The big challenge: IT. The big win: analytics

The original plan was to use Citrix as AZ’s IT solution. But the platform wasn’t conducive. So the partners gave the challenge to both their IT teams, who can up with a different IT solution so they could keep to their rigorous implementation timeline.

Process improvement, however, is a different story. Genpact’s analytics captured granular data around processes to determine how to improve them. This is how the end-to-end roadmap came to be. “We wanted to know: if we change A, what does it do to subprocess B?” explains Goel.

The back story

Glynn says AZ decided to outsource for three reasons:

  1. Instituting a big change initiative. “Leadership wanted us to look at doing things in a different way,” he reports.

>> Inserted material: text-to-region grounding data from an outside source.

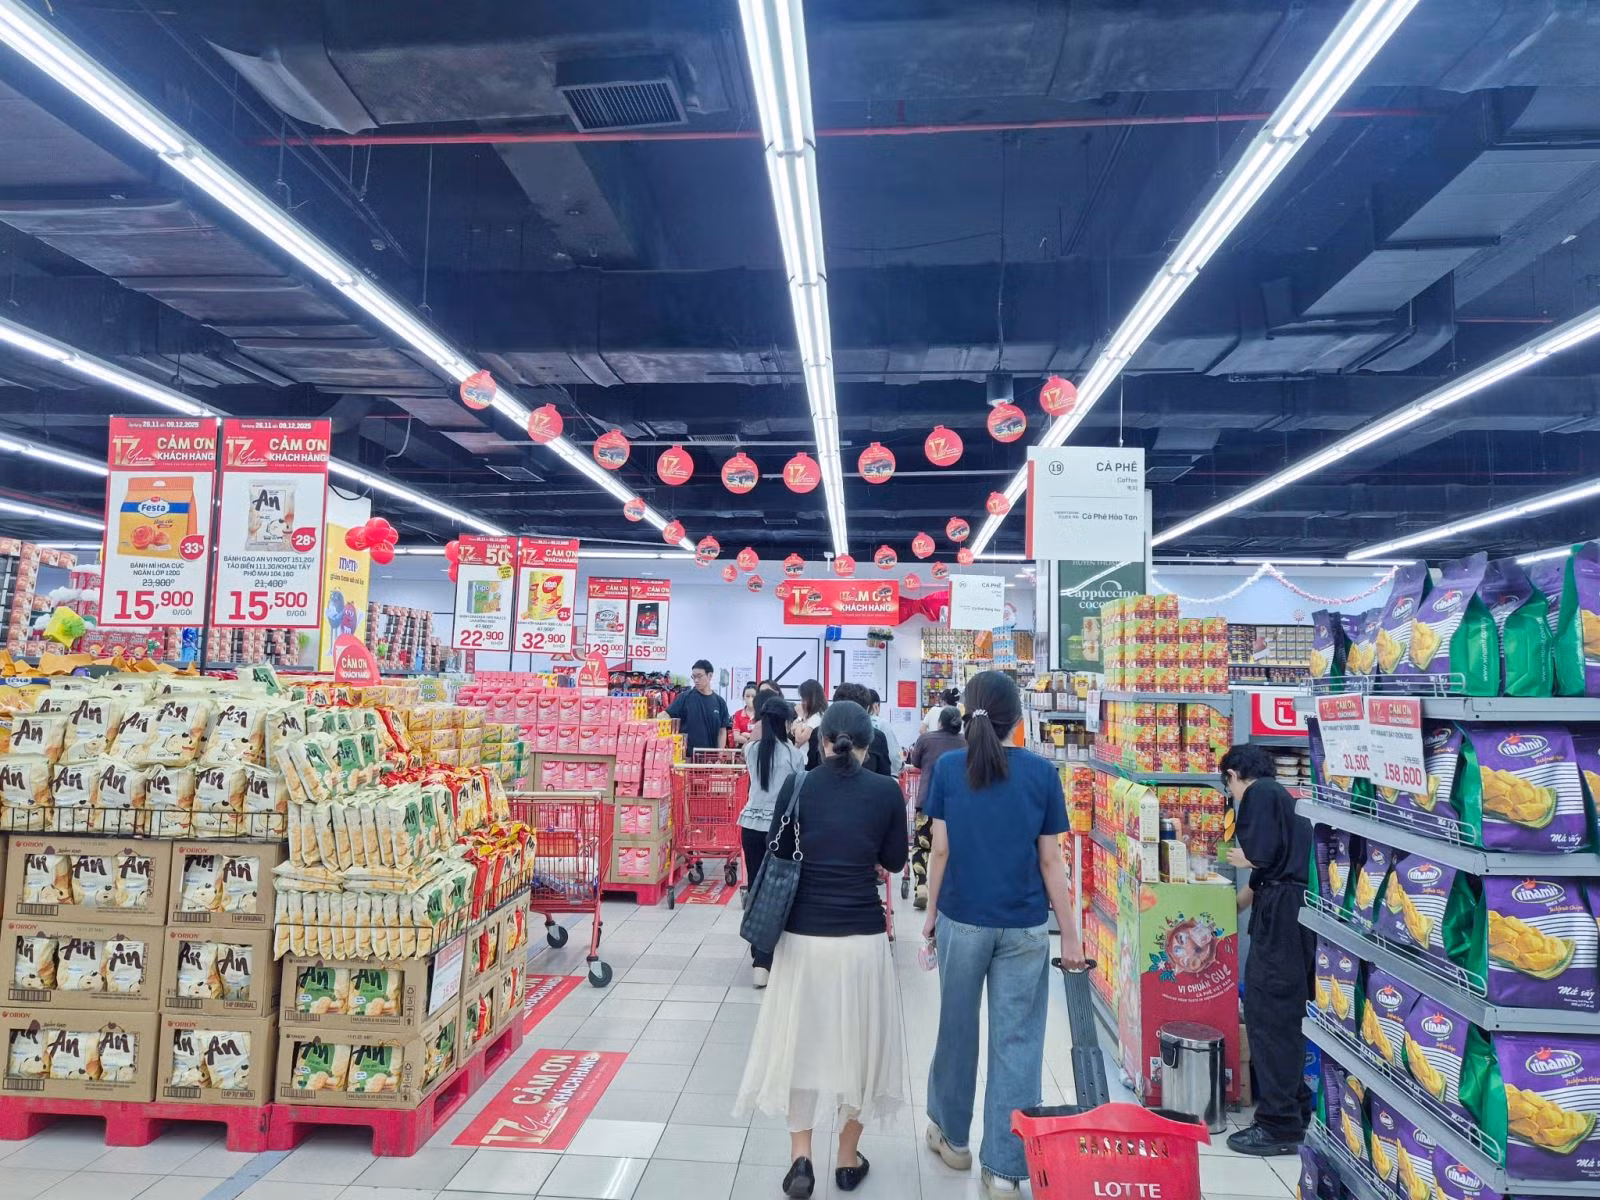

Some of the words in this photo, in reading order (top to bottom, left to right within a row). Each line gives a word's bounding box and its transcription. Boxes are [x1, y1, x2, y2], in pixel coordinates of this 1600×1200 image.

[157, 434, 190, 450] CẢM
[194, 437, 216, 450] ƠN
[269, 434, 303, 451] CẢM
[306, 438, 328, 451] ƠN
[158, 450, 189, 461] KHÁCH
[189, 452, 216, 460] HÀNG
[269, 452, 300, 462] KHÁCH
[1052, 464, 1062, 472] 19
[1115, 461, 1138, 472] PHÊ
[141, 503, 166, 514] Festa
[546, 548, 565, 557] CẢM
[114, 590, 194, 620] 15,900
[228, 590, 308, 621] 15,500
[840, 603, 869, 612] KHÁCH
[869, 603, 892, 612] HÀNG
[460, 630, 504, 647] 22,900
[522, 632, 566, 650] 32,900
[70, 700, 102, 726] An
[12, 719, 44, 746] An
[1503, 737, 1544, 756] vinamit
[50, 767, 84, 793] An
[100, 764, 126, 795] An
[1384, 762, 1422, 786] 158,600
[72, 856, 108, 880] An
[119, 856, 151, 879] An
[223, 859, 253, 884] An
[1517, 886, 1559, 902] vinamit
[17, 936, 34, 964] An
[60, 938, 96, 961] An
[109, 943, 143, 972] An
[218, 948, 250, 976] An
[299, 967, 330, 990] An
[351, 969, 383, 991] An
[48, 1030, 80, 1058] An
[99, 1032, 130, 1057] An
[204, 1036, 242, 1066] An
[300, 1042, 330, 1066] An
[352, 1046, 386, 1066] An
[1530, 1054, 1576, 1073] vinamit
[512, 1074, 561, 1105] CẢM
[539, 1054, 576, 1074] ƠN
[1094, 1181, 1162, 1198] LOTTE
[1449, 1169, 1481, 1188] vinamit
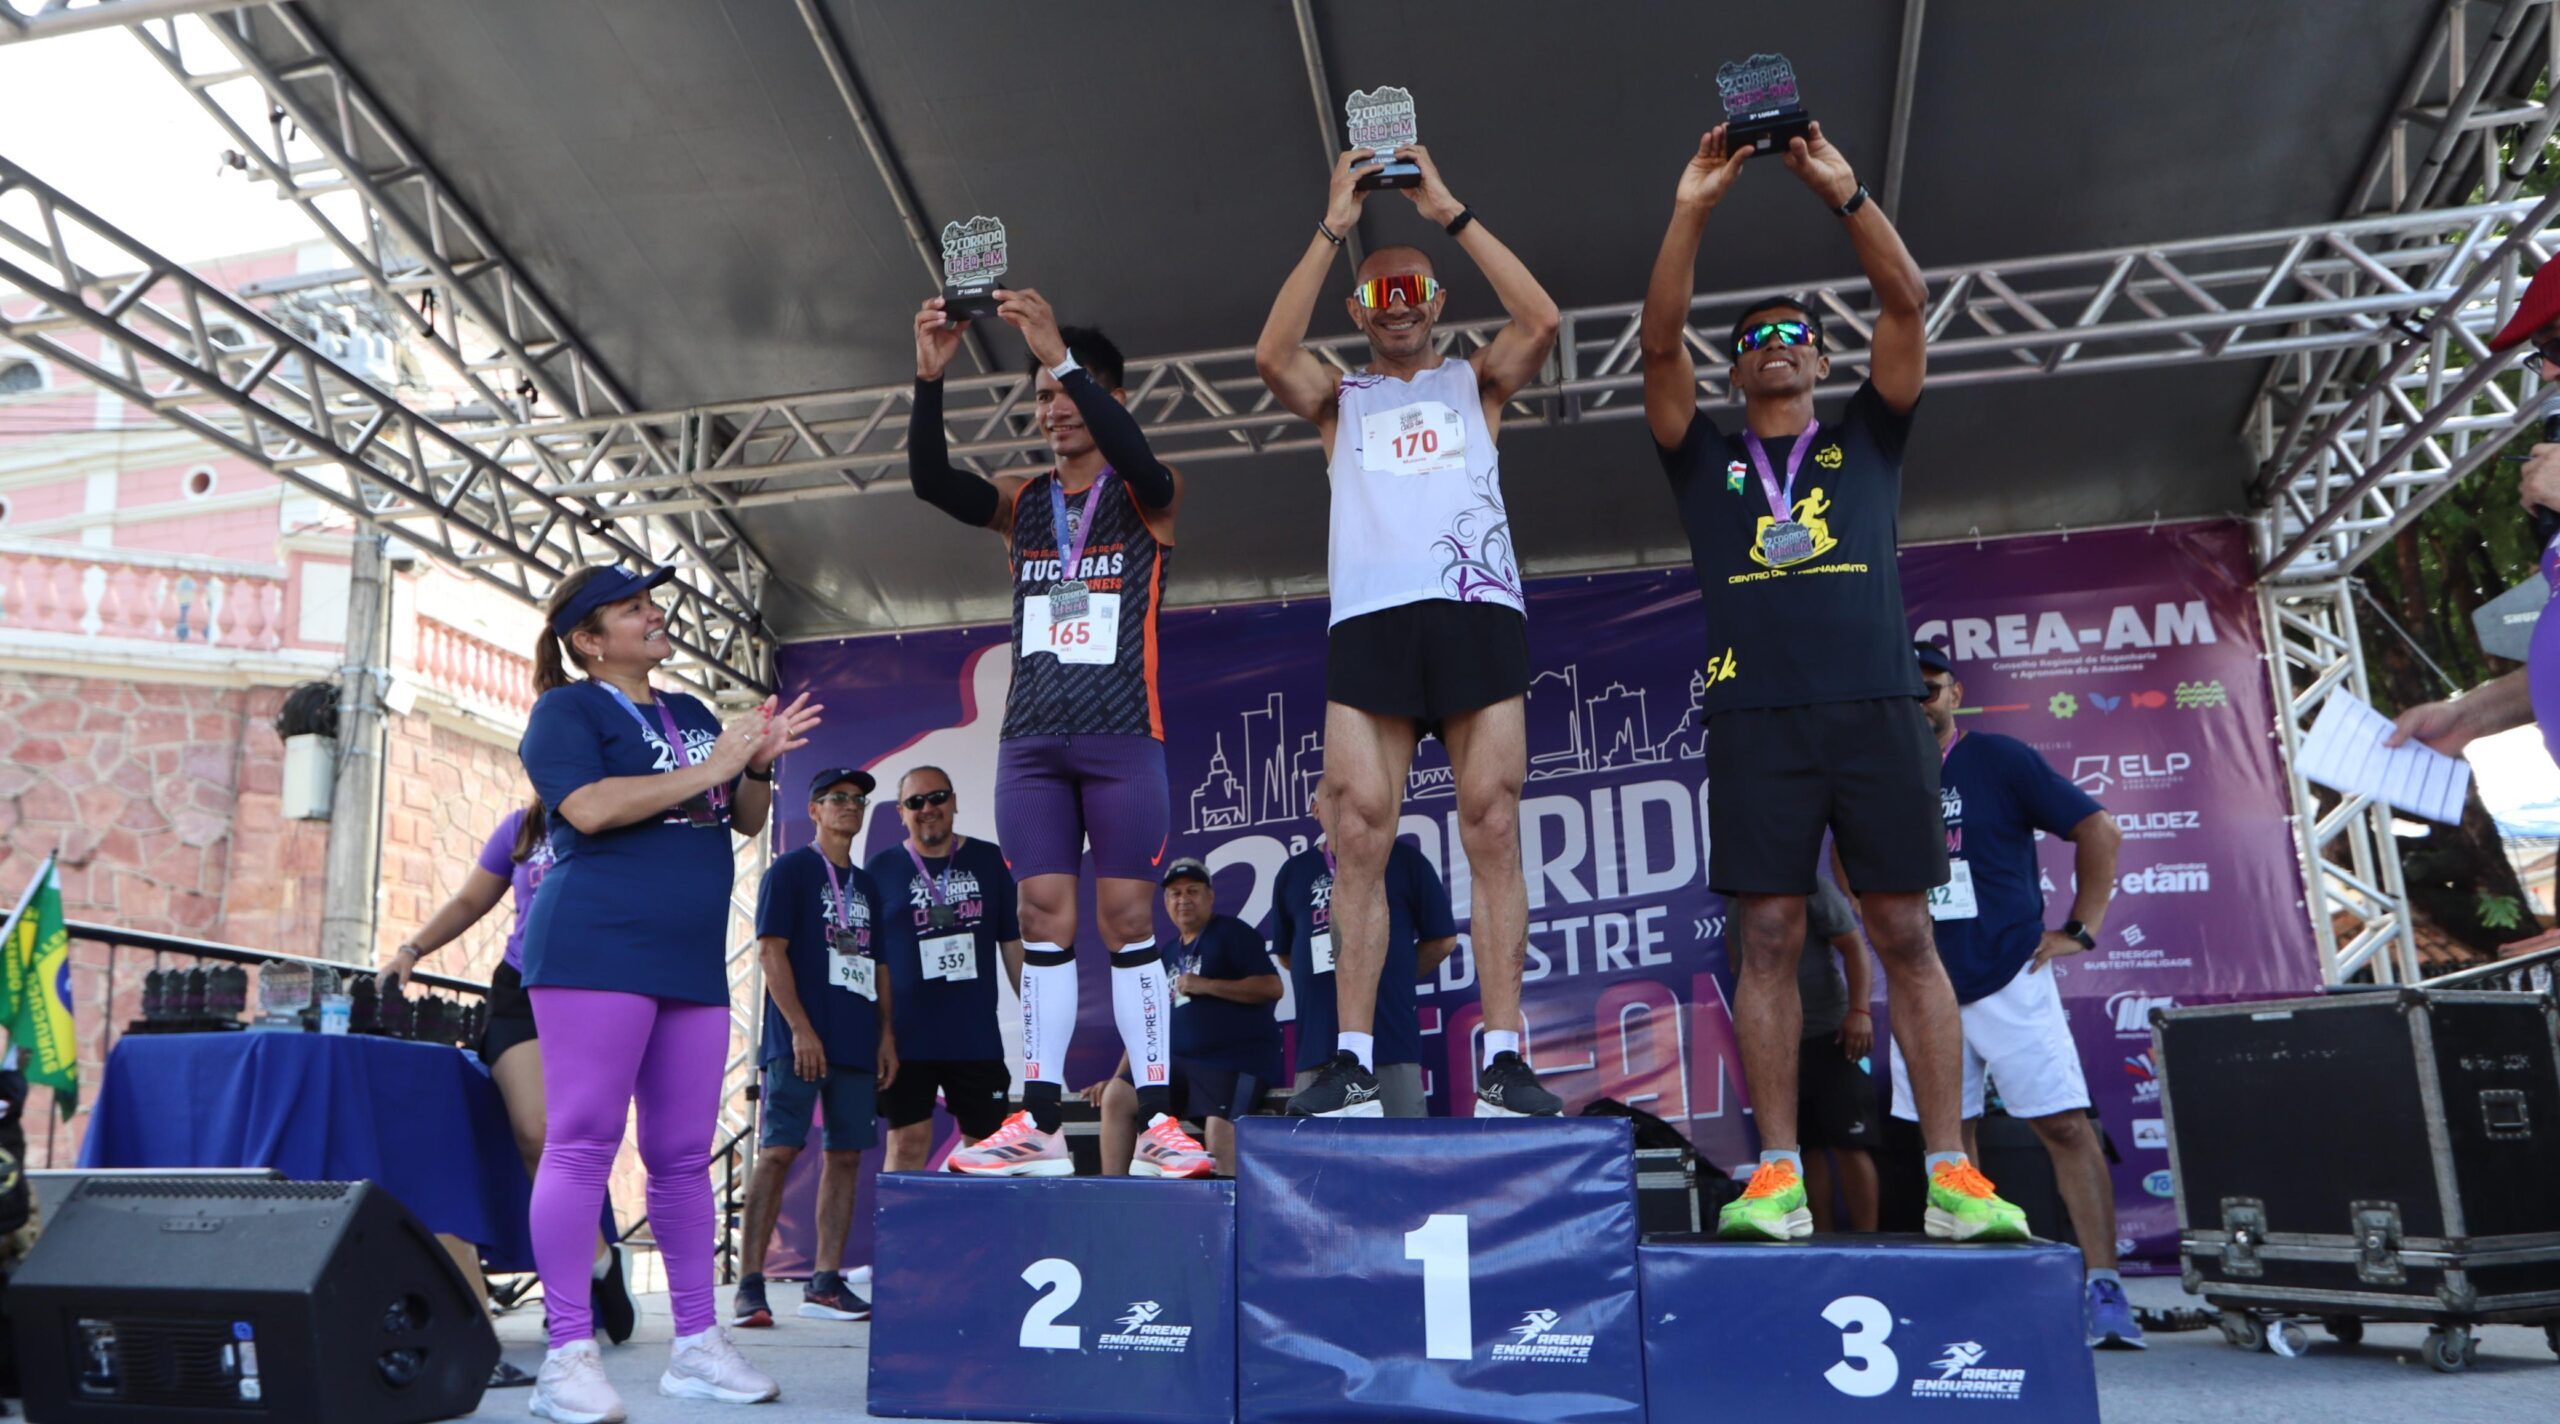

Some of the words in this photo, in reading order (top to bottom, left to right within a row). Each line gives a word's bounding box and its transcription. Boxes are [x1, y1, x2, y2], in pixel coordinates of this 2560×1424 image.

[1362, 101, 1412, 119] CORRIDA
[957, 230, 1002, 251] CORRIDA
[947, 248, 1004, 274] CREA-AM
[1392, 429, 1438, 459] 170
[1774, 529, 1808, 544] CORRIDA
[1728, 571, 1770, 584] CENTRO
[1048, 621, 1091, 646] 165
[1914, 600, 2218, 663] CREA-AM
[1992, 660, 2037, 671] Conselho
[2039, 656, 2082, 669] Regional
[2084, 655, 2097, 663] de
[2100, 651, 2157, 664] Engenharia
[2019, 667, 2074, 679] Agronomia
[2091, 662, 2144, 673] Amazonas
[2118, 752, 2191, 777] ELP
[2112, 811, 2200, 831] OLIDEZ
[2121, 867, 2210, 894] etam
[937, 952, 966, 971] 339
[2084, 957, 2192, 970] SUSTENTABILIDADE
[841, 966, 865, 985] 949
[1404, 1214, 1472, 1360] 1
[1019, 1258, 1082, 1349] 2
[1140, 1324, 1192, 1336] ARENA
[1099, 1333, 1188, 1347] ENDURANCE
[1537, 1334, 1594, 1346] ARENA
[1823, 1295, 1899, 1397] 3
[1492, 1344, 1591, 1357] ENDURANCE
[1961, 1368, 2026, 1381] ARENA
[1912, 1379, 2022, 1393] ENDURANCE
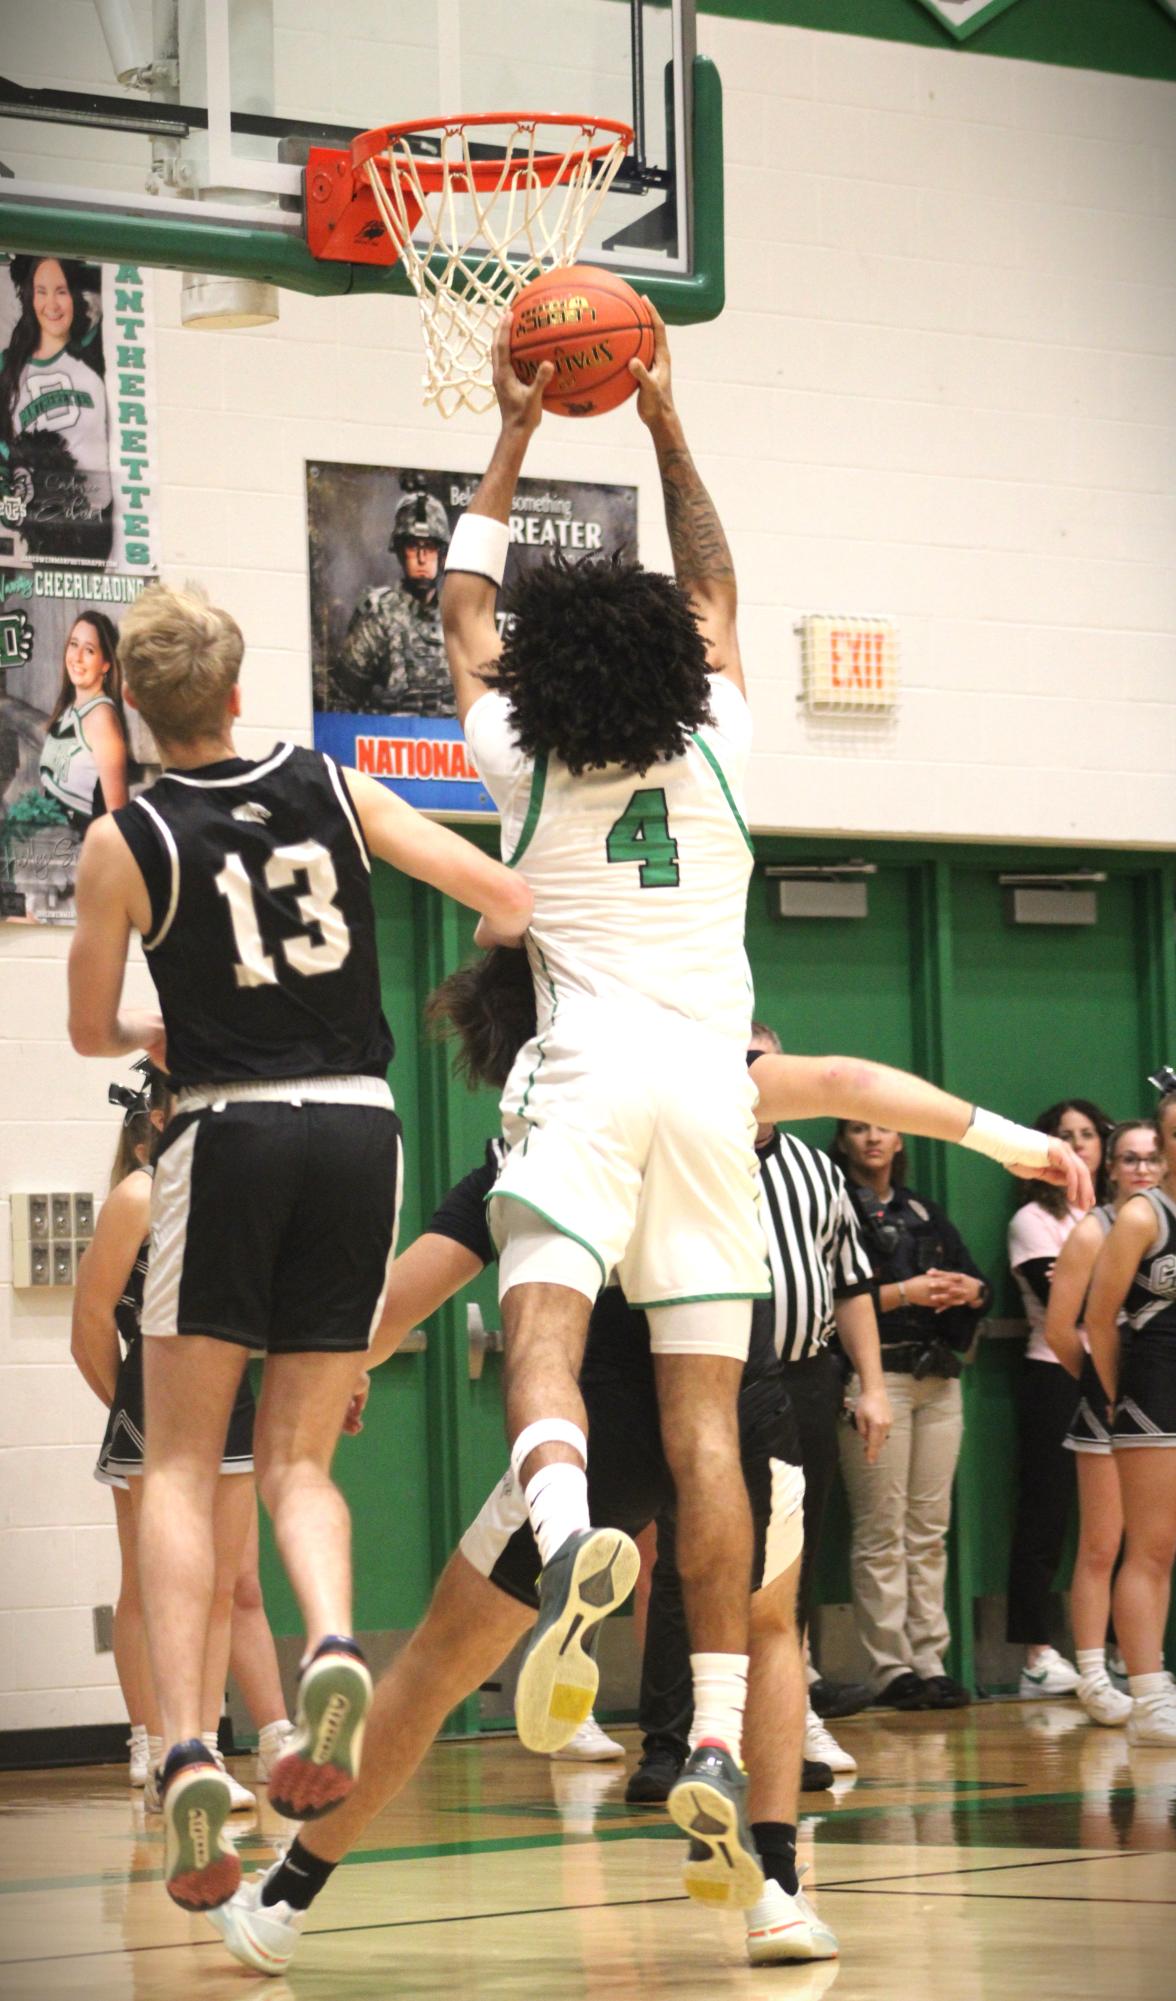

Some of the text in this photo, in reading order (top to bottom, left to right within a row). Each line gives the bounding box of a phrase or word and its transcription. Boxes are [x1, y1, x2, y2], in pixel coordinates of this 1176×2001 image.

[512, 339, 614, 382] SPALNG
[512, 491, 573, 520] something
[508, 516, 602, 550] REATER
[830, 630, 884, 690] EXIT
[605, 787, 680, 889] 4
[214, 838, 351, 988] 13

For example, historically, pharmaceutical companies insisted on performing every process themselves “according to the gold standard.” Glynn says “we realized there are other people who can also do this, and by the way, it is their core competency.”
  2. Making the cost base variable.
  3. Needing a more efficient cost for the services.

“How they discover, develop and commercialize innovative medicines are their core business. How they manage their transactional processing and office purchases are not,” says Goel.

During the negotiations, AZ included two of its procurement experts in the core team. AZ had four criteria in searching for its procurement partner. They included:

  1. They were known for their capabilities and offered a best-of-breed solution.
  2. The commercial terms were attractive and flexible.
  3. They would sit down to discuss and resolve problems.
  4. There was a good cultural fit. Glynn says this was the most important criterion. “They felt we would be able to take them on a journey to be best-in-class,” says Goel.

“We felt we got a win-win when we penned the final contract,” Glynn says.

Implementation

After they signed the deal, Genpact had to make AZ employees aware of the new model in each country. “This was a challenge because we conceived the project at a global level but had to implement it at a regional level,” recalls Goel. The regional employees “were not as clued in and didn’t understand what the new processes meant to them,” he continues.

Genpact held workshops. For example, it assembled CFOs in Latin America and Europe so the global team could explain the project. The team invited leading European stakeholders to visit their delivery center in Romania “to see everything in action.” Latin Americans went to Guatemala.  The CFO in the US and other English-speaking countries traveled to India. “We showed them what we needed from them,” says Goel.

Thereafter, Genpact incorporated their feedback and tweaked the plan.

The bottom line: this F&A transformation has improved service, extended hours of business, increased business resilience, reduced cost to serve and now has the capacity to make procurement more strategic.

P.S. This is not this partnership’s first accolade. AstraZeneca already recognized this relationship with an internal CFO Award, with the finance leadership community voting it the “Best of the Best.” No wonder!